With that in mind, a Vanderbilt University program is treating the sleep disorder and hopes to more than double the number of workboat participants within the year. 

 “In the transportation industries, some people are working around the clock and not sleeping as well,” said Dr. Raghu Upender, medical director of the Nashville, Tenn., school’s Sleep Disorders Center. They’re trying to sleep on a boat that is moving and trying to sleep during daylight hours. And with a disorder, “your sleep is going to be compromised more.”

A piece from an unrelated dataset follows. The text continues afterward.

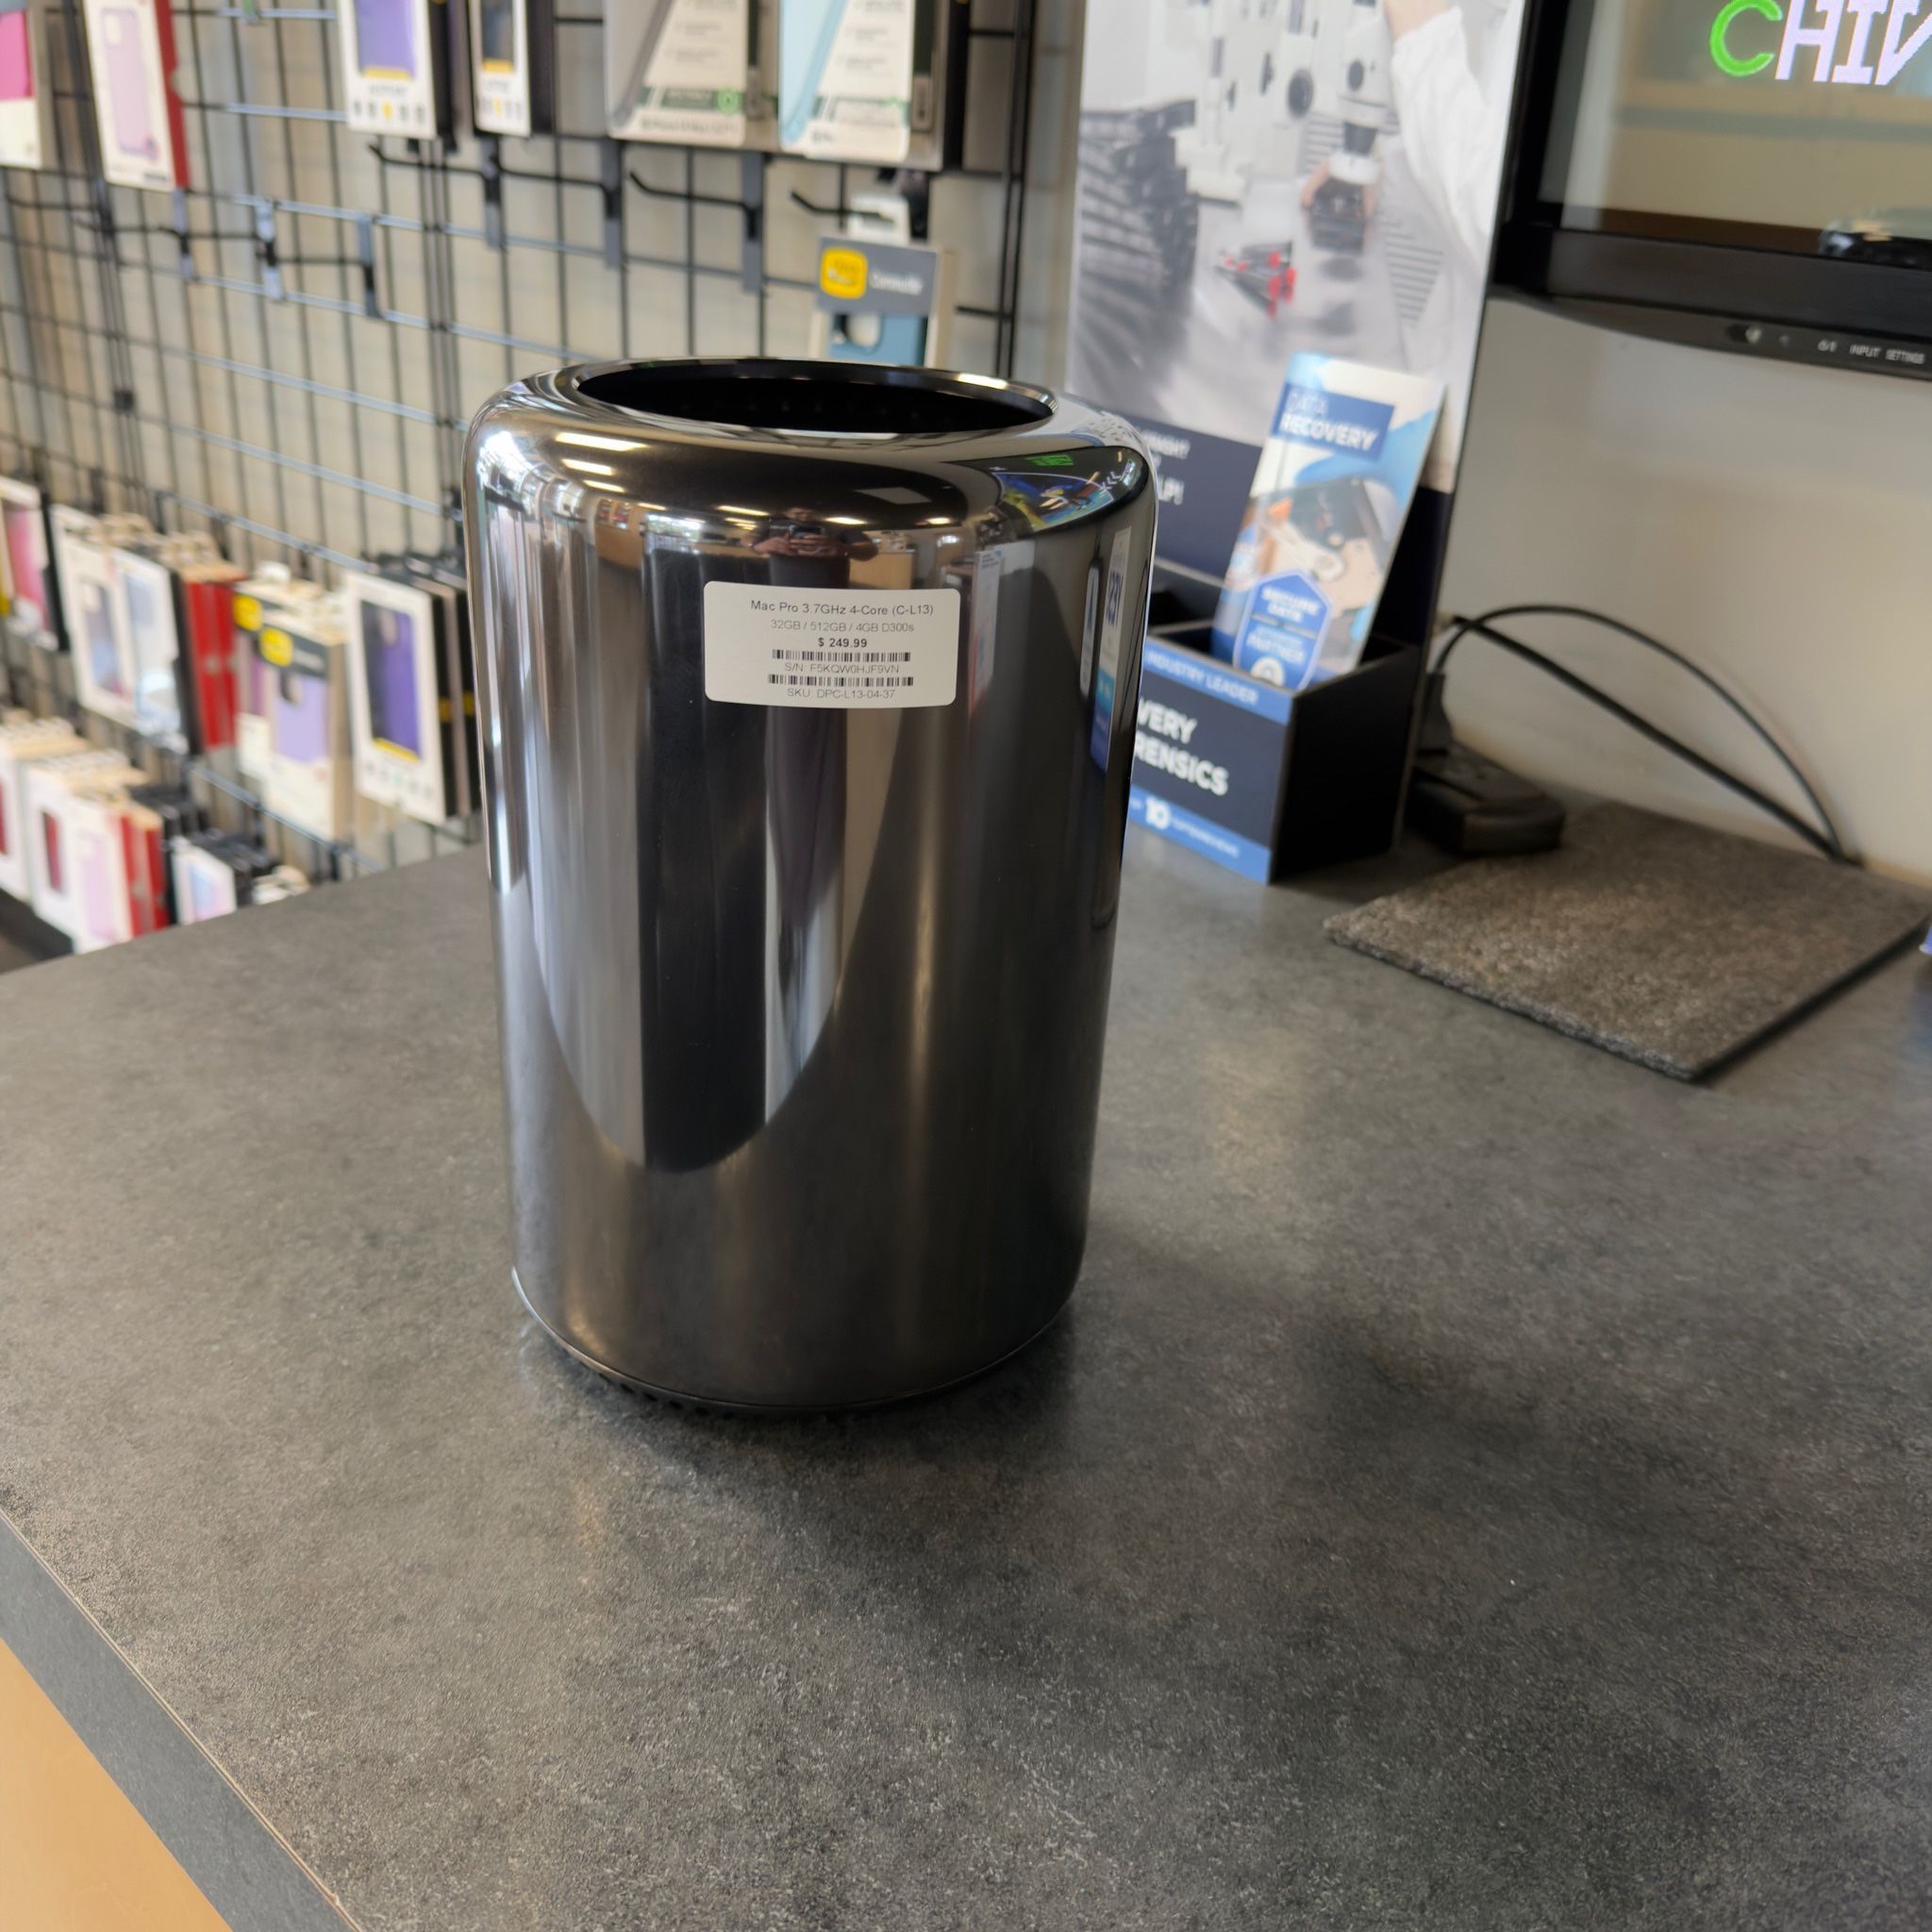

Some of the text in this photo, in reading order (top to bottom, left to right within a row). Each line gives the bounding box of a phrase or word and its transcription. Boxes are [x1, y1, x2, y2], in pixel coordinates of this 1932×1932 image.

“By treating the symptoms, you’re going to reduce that risk and at the same time promote better health,” said Upender, whose goal is to get as many people with sleep apnea treated as possible.

A research project by the American Waterways Operators (AWO) and Northwestern University’s Center for Sleep & Circadian Biology found that mariners who spend more than eight hours in bed are sleeping only an average of six-and-a-half hours.

Sleep apnea, more common in men than women, causes someone to stop breathing repeatedly while sleeping. About 70 percent of people with the condition are overweight, according to the American Sleep Apnea Association. 

The first phase of the program begun two years ago involved 20 mariners from Ingram Barge in Nashville, Tenn., said Patience Bridges, program coach and administrative assistant at the Sleep Disorders Center. They now have 40 participants and plan to add another 40 to 60.

Of the mariners they worked with, 90 percent had sleep apnea, “and many had severe sleep apnea,” she said. The Vanderbilt Dayani Center, which provides health and wellness services, screened the mariners who came to Nashville for a two-day visit to the sleep lab. They got a CPAP (Continuous Positive Airway Pressure) machine, which steadies breathing for better sleep, and were monitored online.

After using the CPAP, “they came back telling us how well they feel now,” Upender said. “They feel more rested.”

“The biggest benefit of the screenings has been the increase in awareness of sleep apnea and other sleep disorders,” an Ingram spokesman said. Knowledge gained from the program is shared with all employees, not just those in the wheelhouse, and screenings are available to all.

“Ingram Marine Group, through its affiliation with [AWO], has been involved in sleep research of towboat crews for several years,” Ingram said.  A few years ago researchers from Northwestern and Vanderbilt approached Ingram about screenings for sleep disorders. “Ingram agreed that this would be a proactive addition to wheelhouse wellness. This is not part of a study, but simply an action taken” for employees’ health, the company said.